Das ist für unsere Zwecke nicht Zielführend. Die Kompression wäre kein Kriterium, vielleicht profitieren ja einige unsere Praxistests von diesem Verhalten.
Die für den Profibereich können das auch, da sollte man sich von Hersteller versichern lassen, das Durawrite in der FW nicht aktiviert wurde.
Azdak schrieb:
Das soll aber nicht heißen, das die m4 zu 100% gesetzt ist. Vielleicht, und das war der Sinn dieses Threads, gibt es ja Argumente die gegen die m4 und für eine andere Sprechen. Die Effektivität des GC könnte z.b. solch ein Kriterium sein. SSDs sind nicht mein Spezialgebiet, daher ja auch der Versuch, meinen Entscheidungsweg noch einmal gegen dieses Forum laufen zu lassen. Vielleicht kommt ja noch ein wichtiger Punkt, den ich übersehen habe.

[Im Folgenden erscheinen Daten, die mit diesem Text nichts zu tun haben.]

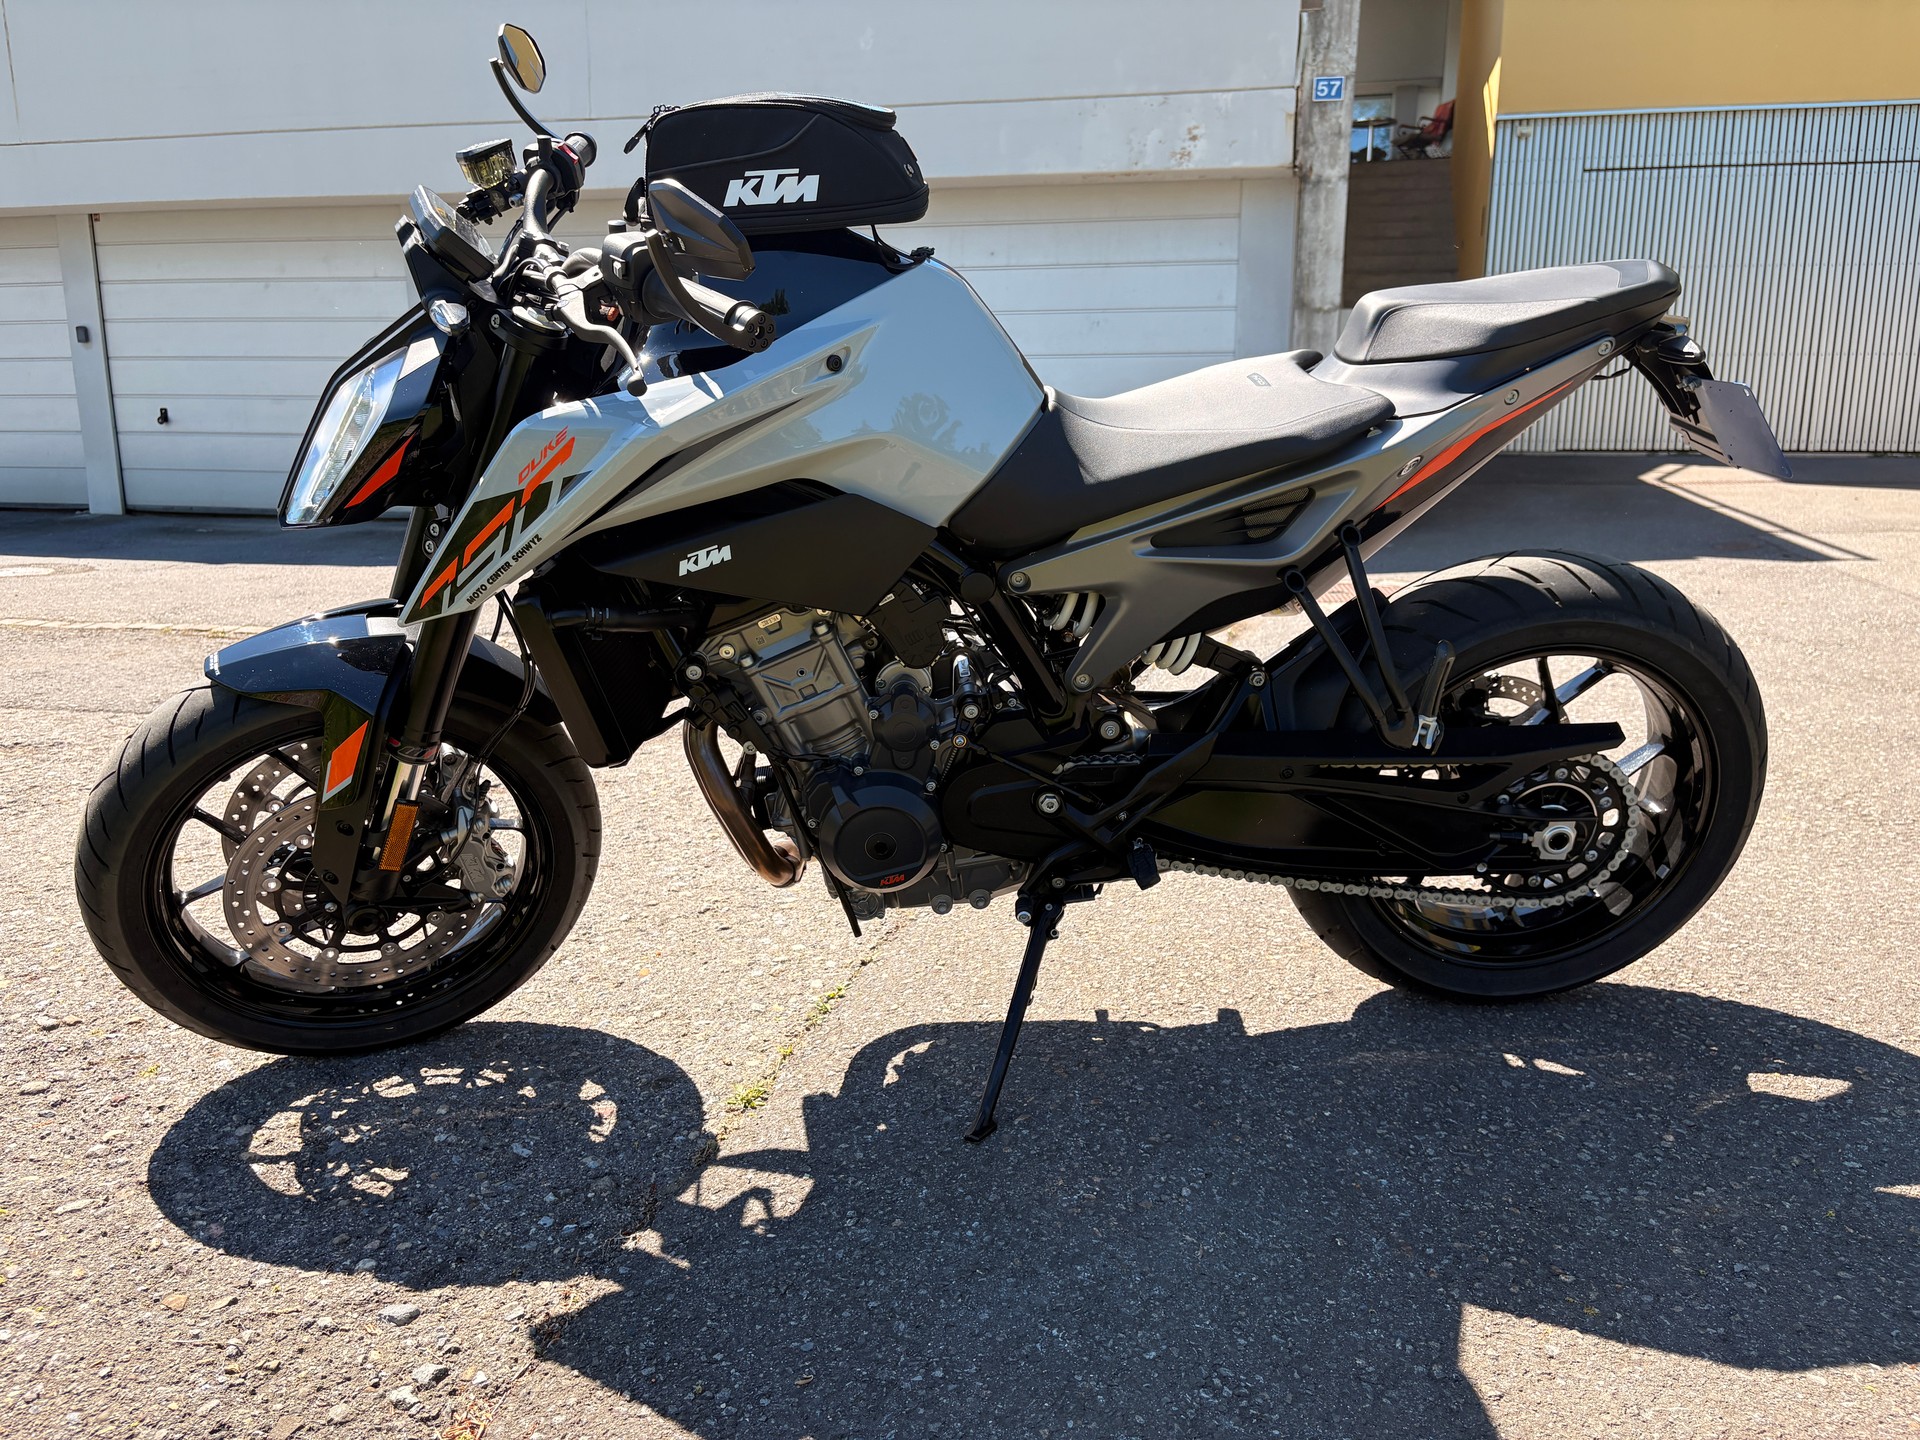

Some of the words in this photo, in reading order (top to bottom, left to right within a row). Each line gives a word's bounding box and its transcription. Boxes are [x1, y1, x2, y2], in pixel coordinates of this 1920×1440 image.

Gegen die m4 spricht bei der Konfiguration ihre nicht sehr agressives GC, die fehlende 6GB/s Unterstützung der SAS Controller
Dafür spricht, dass es eine professionelle Version von Micron, die P300 gibt, die zumindest auf dem Papier recht ähnliche Performancewerte bietet.
 
Ich würde jetzt auch am ehesten eine m4 empfehlen.

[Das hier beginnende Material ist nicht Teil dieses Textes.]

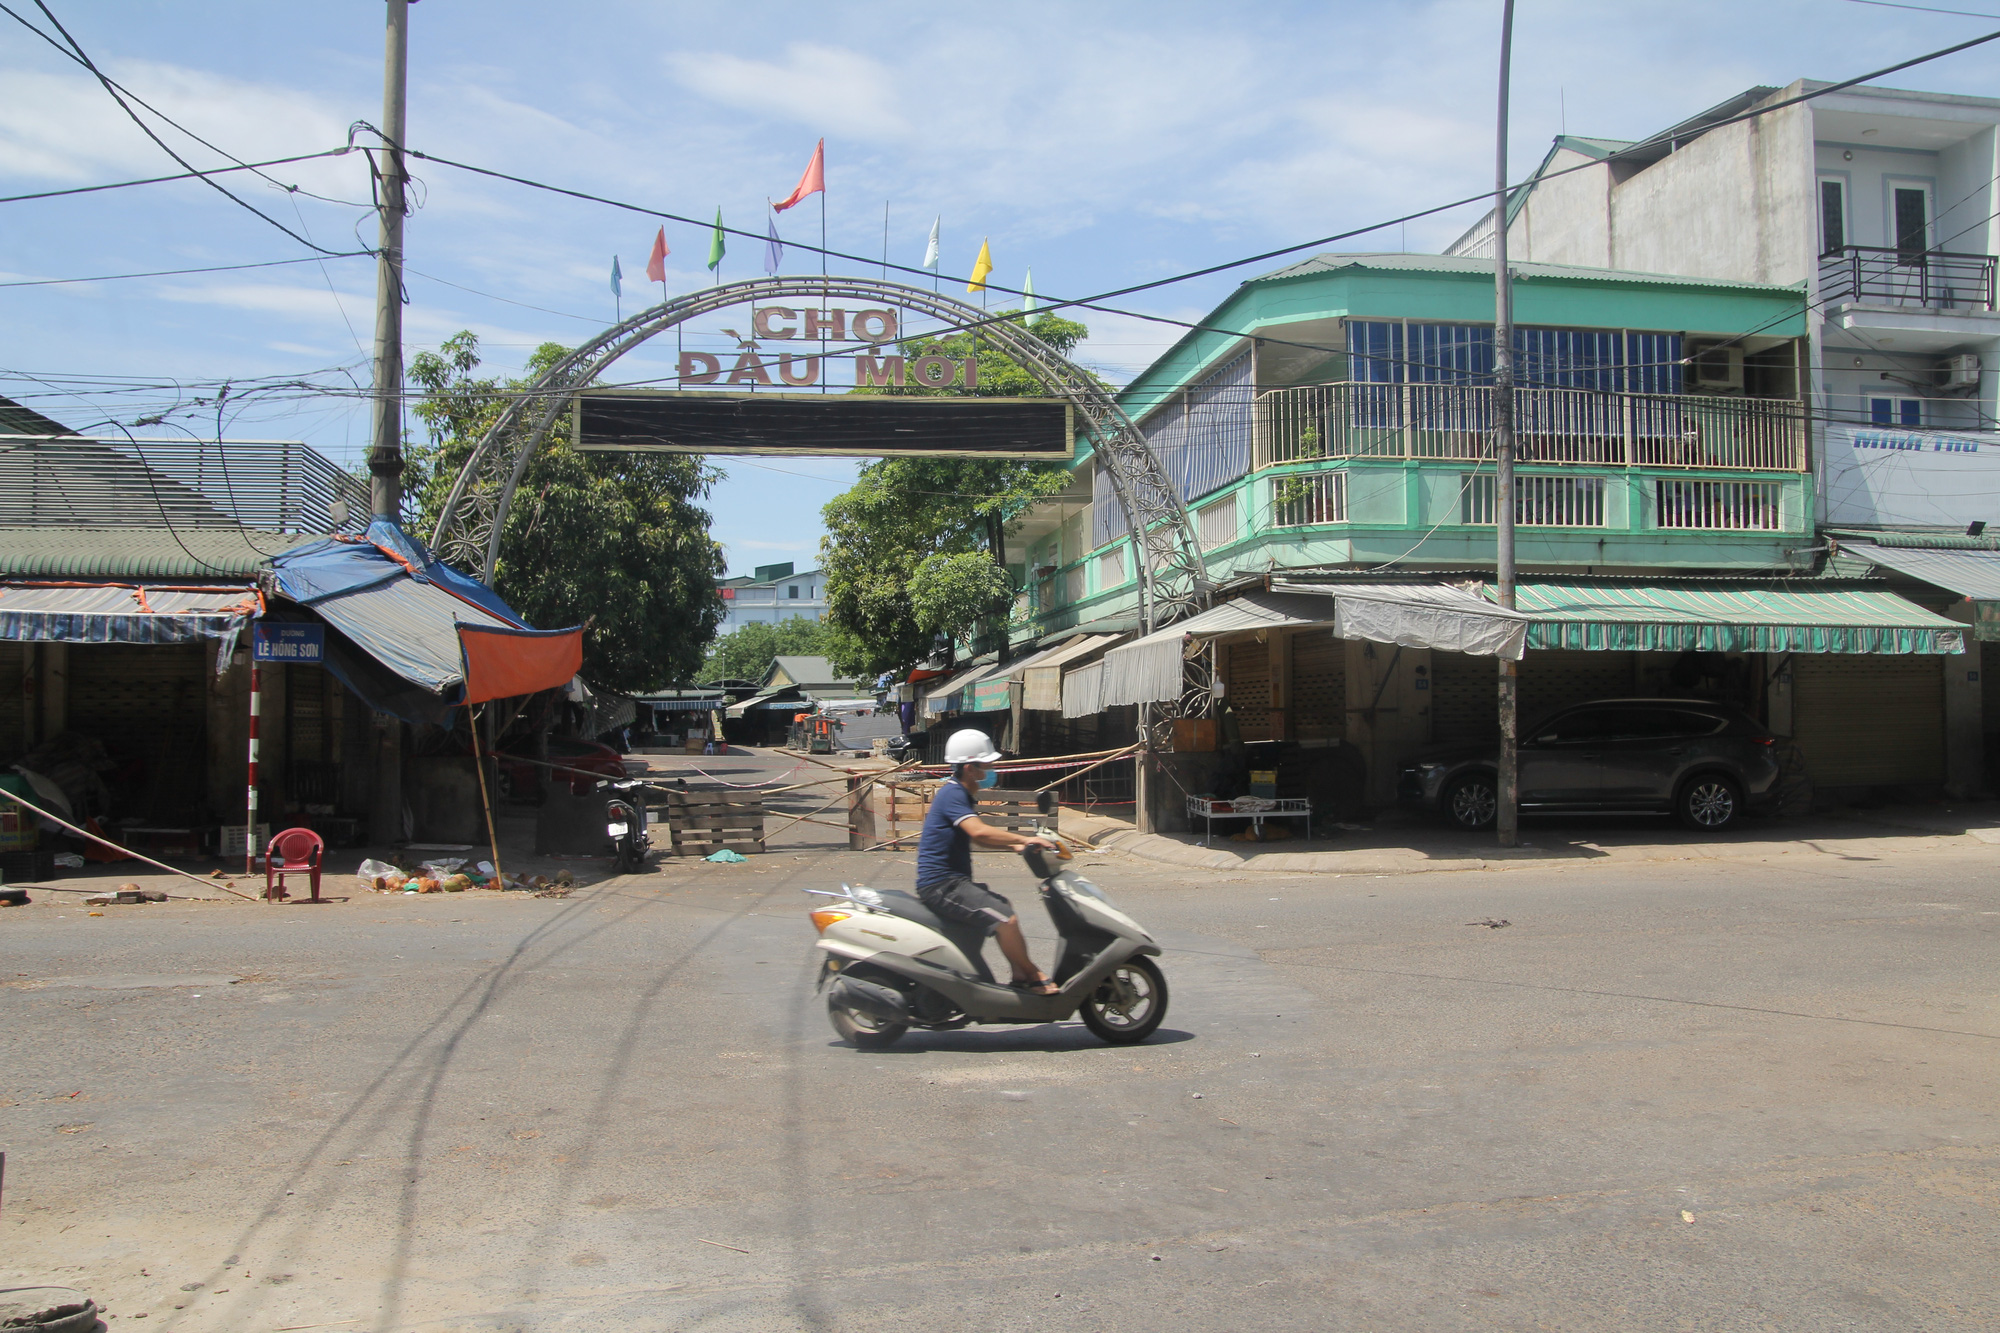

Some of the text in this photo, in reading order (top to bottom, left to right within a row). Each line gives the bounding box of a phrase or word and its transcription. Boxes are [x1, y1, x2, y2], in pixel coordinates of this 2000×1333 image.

[674, 328, 978, 389] ĐẦU MỐI
[1853, 432, 1922, 451] Minh
[258, 640, 270, 656] LÊ
[299, 642, 319, 658] SƠN

Das Problem der m4 könnte sein:

- schlechtes GC für den geplanten Einsatz
- zu geringe Lebensdauer (welches sich beim Test hoffentlich herausstellen wird)

Eine Alternative hierzu wäre eine Intel 320 - falls der elende Bug gefixt wird. Sie dürfte sowohl im GC als auch bzgl. der Lebensdauer Vorteile bieten.
Extrem wichtig dürfte allgemein auch die Grösse der spare area werden (welche man ja im Prinzip selber anpassen kann). Sie hat einen grossen Einfluss auf die Lebensdauer der SSD und die Performance bei zufälligen Schreibzugriffen. Ansonsten sieht es bei Consumer SSDs relativ mager aus, was Alternativen angeht.